グラフィカル・ユーザー・インターフェイス(GUI)とマウスを開発し、改良を加えたのはゼロックスを初めとする複数の企業で、それを普及させたのはアップルの初代マッキントッシュ・コンピュータだった。だがパソコン市場の勝者となったのはマイクロソフトだった。

「わかっていることよりわからないことの方が多いと言っていいだろう」と、技術革新と起業について研究しているハーバード大学のジョシュ・ラーナー教授(経済学)は語る。

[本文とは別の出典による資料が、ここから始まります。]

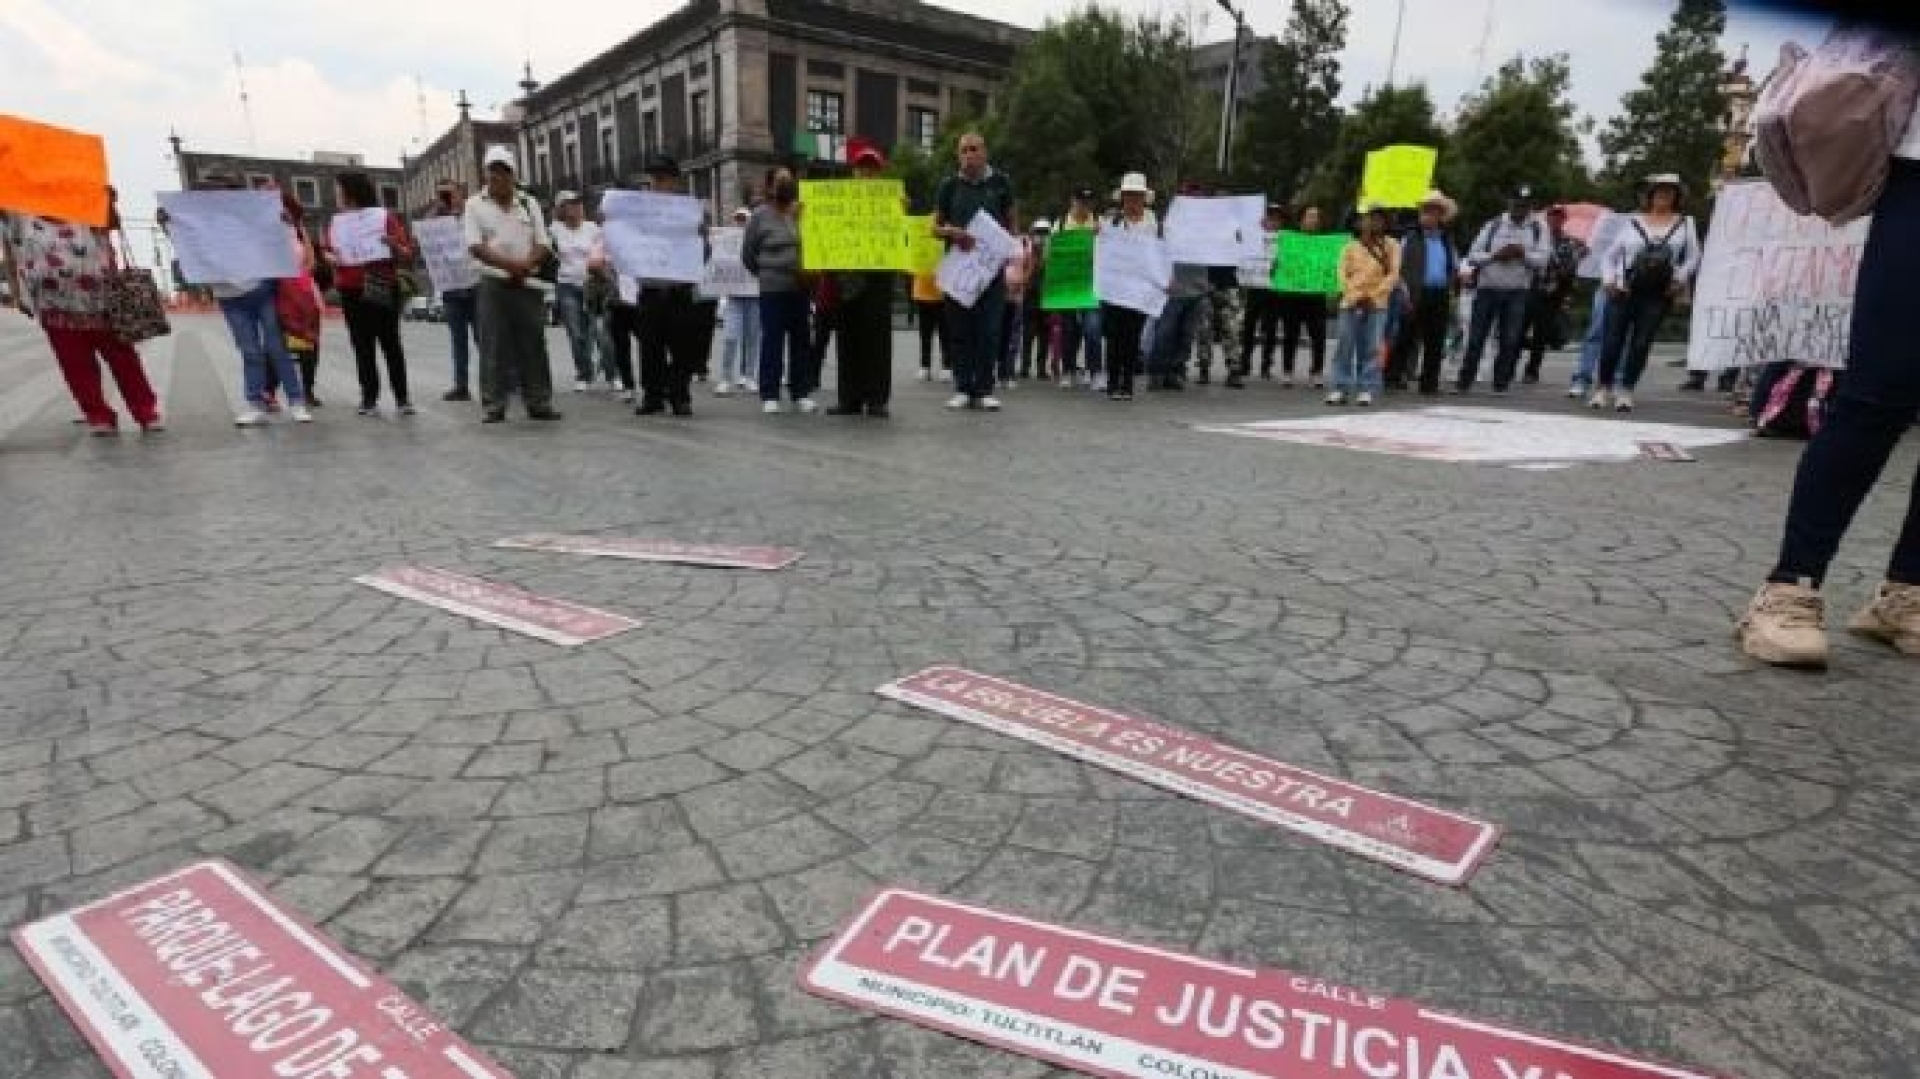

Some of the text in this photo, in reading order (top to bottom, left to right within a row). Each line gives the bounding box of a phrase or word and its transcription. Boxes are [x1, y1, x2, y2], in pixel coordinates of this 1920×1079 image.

[1109, 730, 1164, 754] ES
[1163, 744, 1354, 818] NUESTRA
[201, 962, 334, 1053] LAGO
[272, 1027, 383, 1079] DE
[883, 915, 1470, 1079] PLAN DE JUSTICIA
[981, 1006, 1104, 1055] TULTITLAN
[1289, 977, 1386, 1010] CALLE
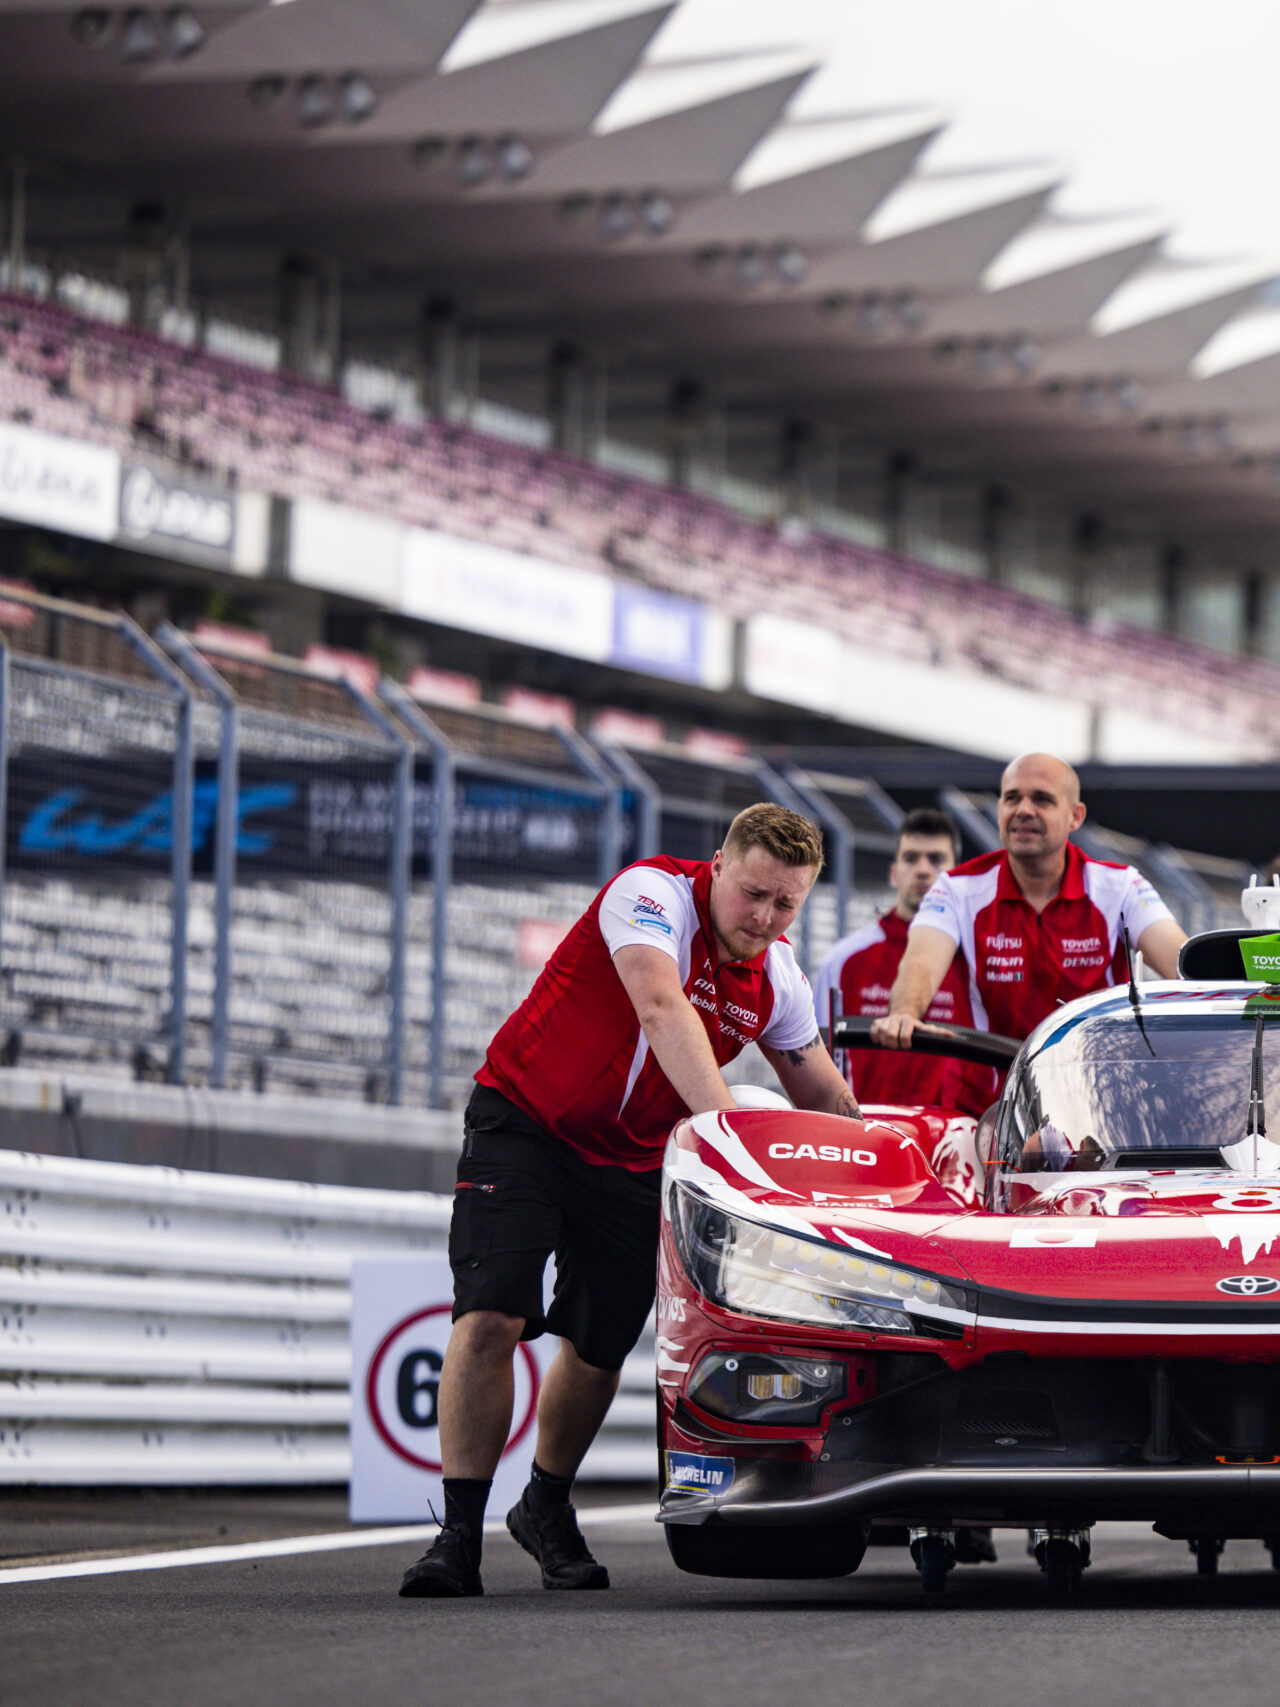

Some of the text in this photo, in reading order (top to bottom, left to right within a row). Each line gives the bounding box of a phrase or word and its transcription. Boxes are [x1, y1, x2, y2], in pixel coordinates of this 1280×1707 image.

[986, 932, 1022, 951] FUJITSU
[1062, 938, 1100, 949] TOYOTA
[1062, 955, 1104, 968] DENSO
[694, 978, 716, 995] AIS
[690, 993, 717, 1013] Mobil
[725, 1001, 759, 1024] TOYOTA
[768, 1143, 878, 1166] CASIO
[657, 1295, 687, 1322] DVICS
[396, 1349, 444, 1430] 6
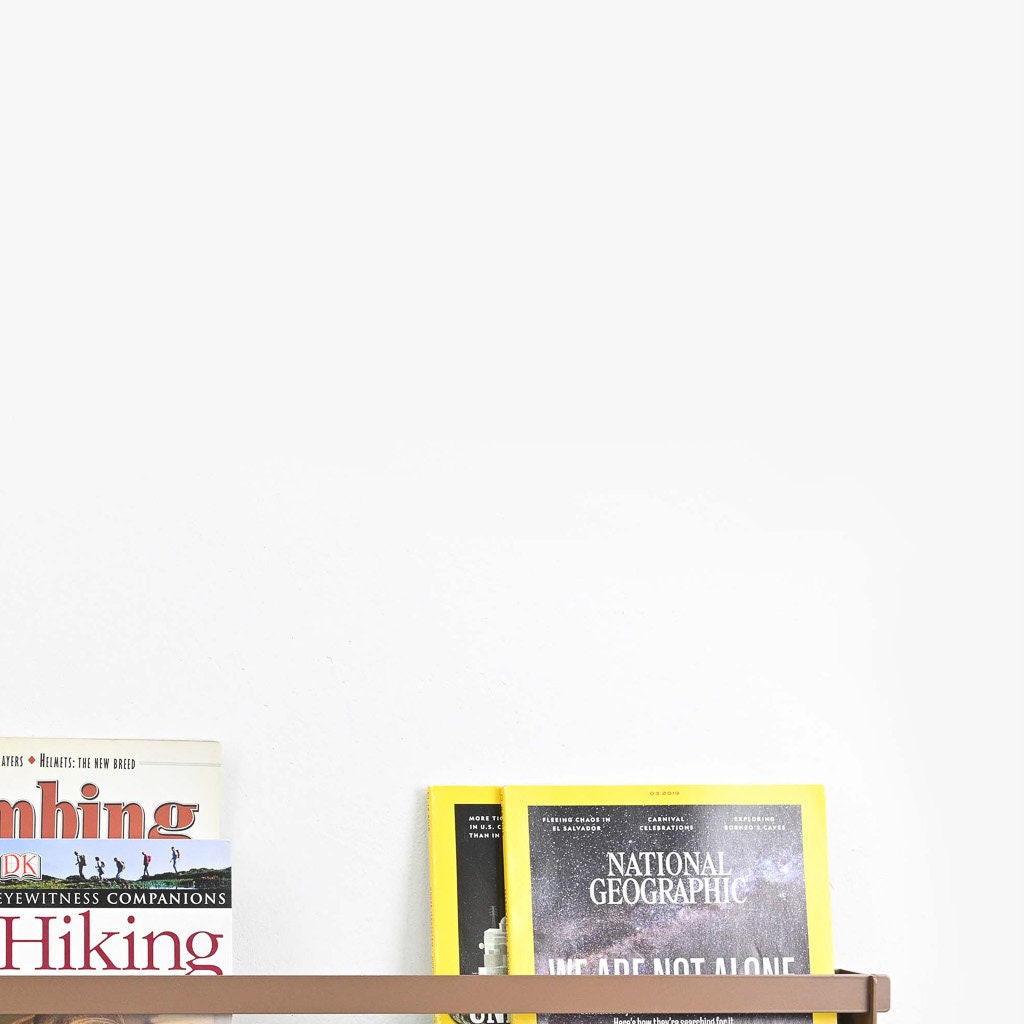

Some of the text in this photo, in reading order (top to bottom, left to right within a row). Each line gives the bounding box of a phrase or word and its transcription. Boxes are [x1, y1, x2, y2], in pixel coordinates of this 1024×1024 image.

[39, 753, 136, 770] HELMETS: THE NEW BREED
[4, 853, 37, 876] DK
[606, 851, 732, 876] NATIONAL
[107, 892, 227, 905] COMPANIONS
[588, 875, 749, 905] GEOGRAPHIC
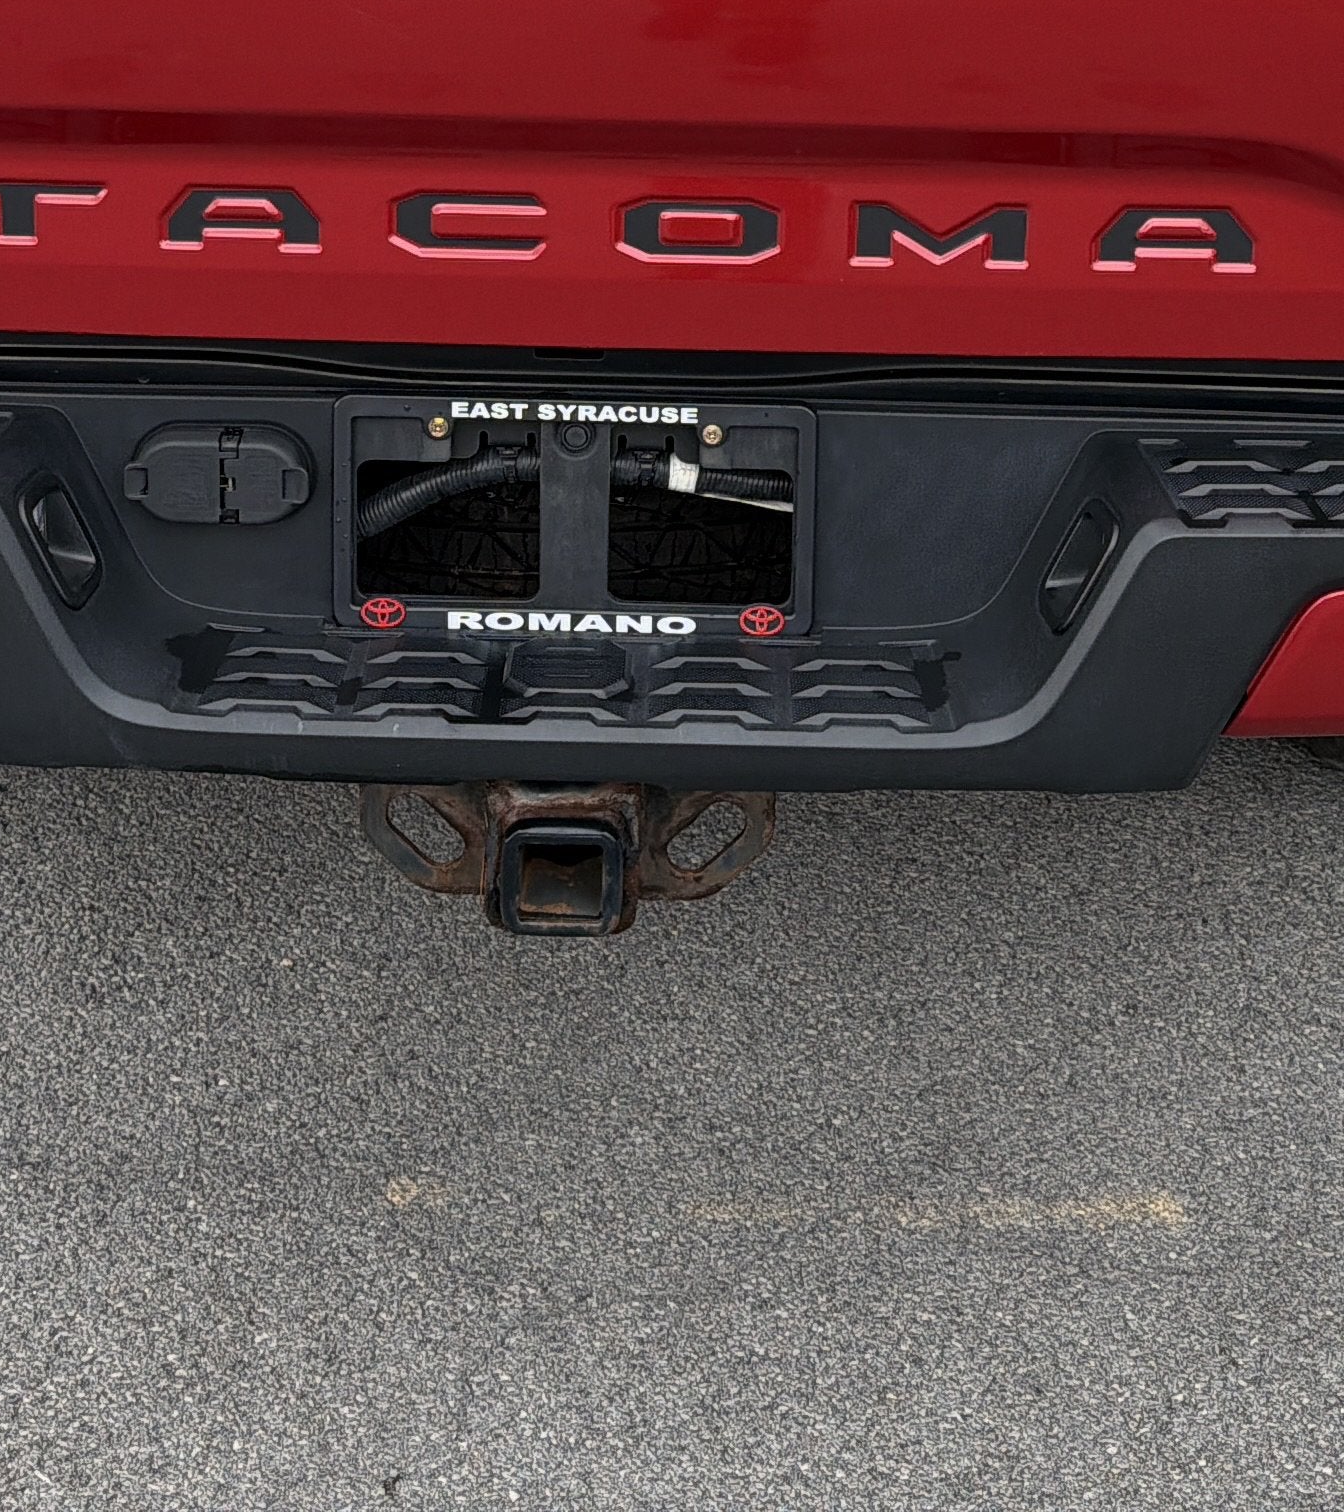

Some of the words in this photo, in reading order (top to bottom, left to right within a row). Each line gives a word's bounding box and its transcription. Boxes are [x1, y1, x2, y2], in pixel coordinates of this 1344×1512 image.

[451, 401, 528, 420] EAST
[537, 404, 699, 424] SYRACUSE
[447, 611, 697, 635] ROMANO

ゼロックスが優れたアイデアを生かせず、他社が製品化に成功したのはなぜか、簡単な答えはないと彼は言う。

問題解決のため、開発の重点を移行

企業はノーベル賞にも値するような基礎研究のたぐいから、技術的な土台はほぼできあがっている課題へと重点を移すことで、この問題に対処しようとしている。

また、会社組織のさまざまな部署に研究者を配置したり、IBMのように研究員を現場に送り込んで解決を要するのはどんな問題かを理解させようとする例もある。

「IBMの社員を顧客と組ませ、一緒に問題解決に取り組ませた。博士号はもっていてもきちんとした服装なんてもっていないような人たちばかりだったが」と、IBMのザック・レムニオス研究戦略担当副社長は言う。

だが研究員ほど辛抱強くない株主たちにとって、四半期ごとに目に見える形で利益を上げてくれるであろう新製品ほど安心できる材料はない。それが今の時点で手に入らないのであれば、少なくとも見通しを知りたいと思うのが人情だ。

先ごろ開かれた投資家との電話会見でも、グーグルのパトリック・ピシェット最高財務責任者(CFO)に対して大型投資についての質問が投げかけられた。

「改めて断言するが、賢い方法で、そして統制の取れたやり方で進めている」と彼は言った。「株主の資金を無駄遣いしないことを念頭に、私たちは前進している」。